▶ _REQUIREMENT_
Reproduce the tail of the data exactly. It starts at the line containing "Some of the text" and runs to the last line.
DATA FOR REVIEW below:
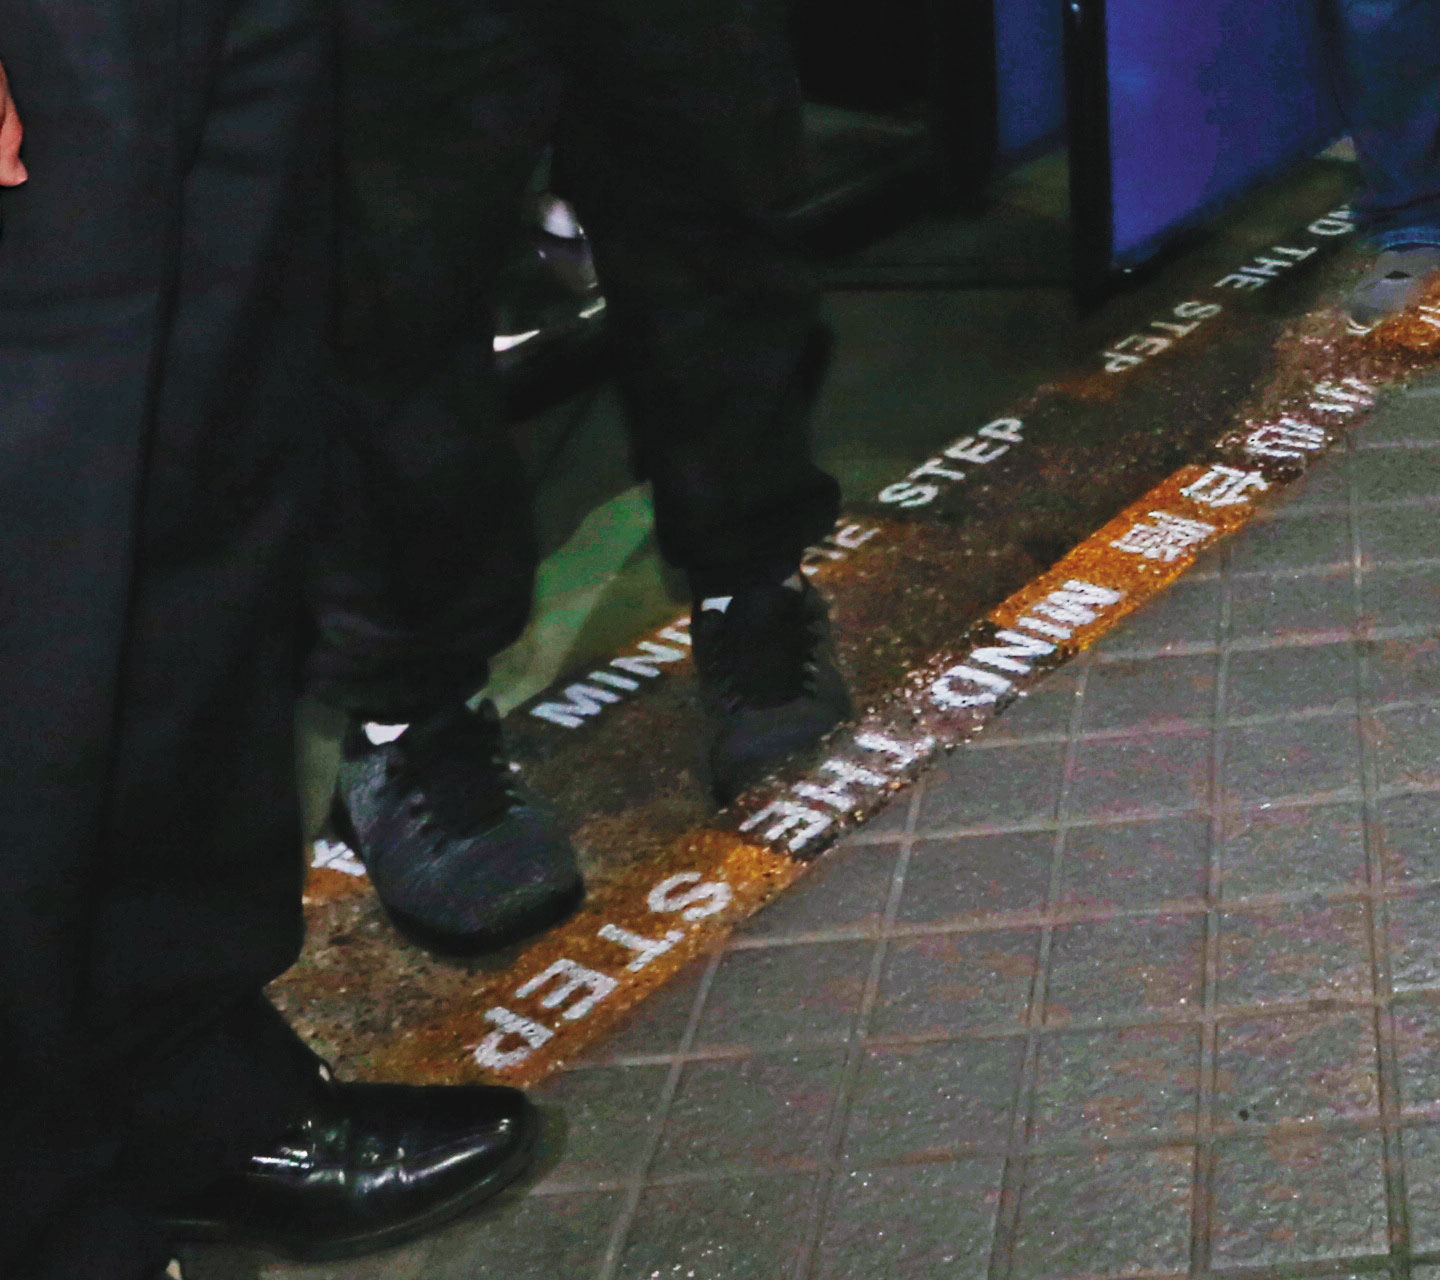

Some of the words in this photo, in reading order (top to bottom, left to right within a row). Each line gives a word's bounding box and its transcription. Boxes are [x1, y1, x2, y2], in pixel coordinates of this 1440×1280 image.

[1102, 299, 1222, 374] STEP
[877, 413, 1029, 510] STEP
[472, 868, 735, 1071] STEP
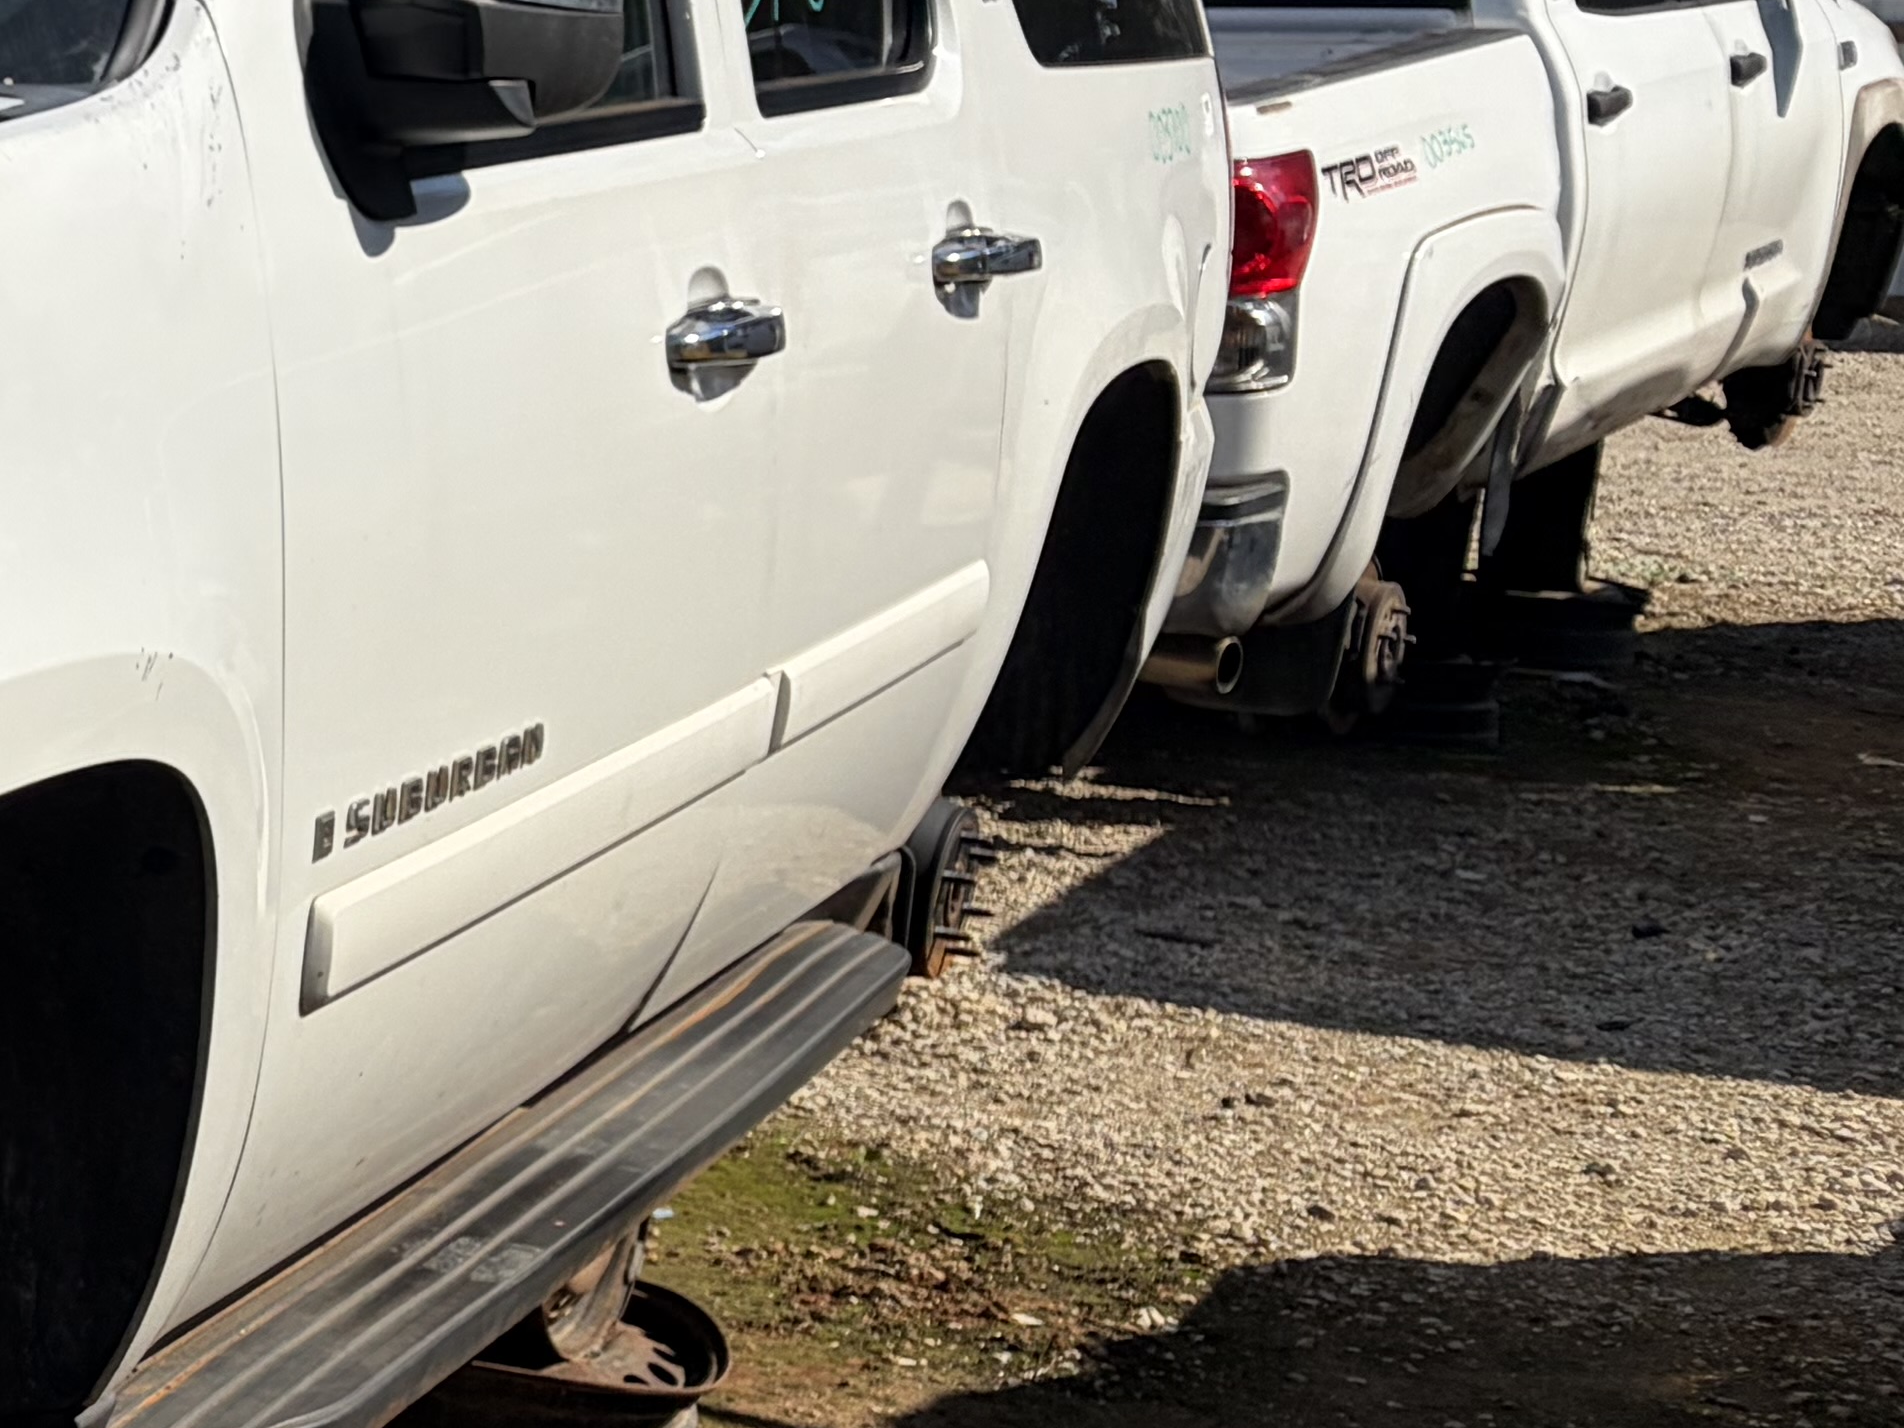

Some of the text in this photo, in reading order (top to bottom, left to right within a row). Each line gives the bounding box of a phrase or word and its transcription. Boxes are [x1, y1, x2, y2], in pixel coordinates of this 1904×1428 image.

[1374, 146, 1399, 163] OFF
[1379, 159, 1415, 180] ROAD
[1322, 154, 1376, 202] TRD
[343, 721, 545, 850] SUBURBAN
End of DATA FOR REVIEW.
▶ _ANSWER SPACE_
Some of the text in this photo, in reading order (top to bottom, left to right within a row). Each line gives the bounding box of a phrase or word and its transcription. Boxes are [x1, y1, x2, y2], in pixel coordinates of this 1904×1428 image.

[1374, 146, 1399, 163] OFF
[1379, 159, 1415, 180] ROAD
[1322, 154, 1376, 202] TRD
[343, 721, 545, 850] SUBURBAN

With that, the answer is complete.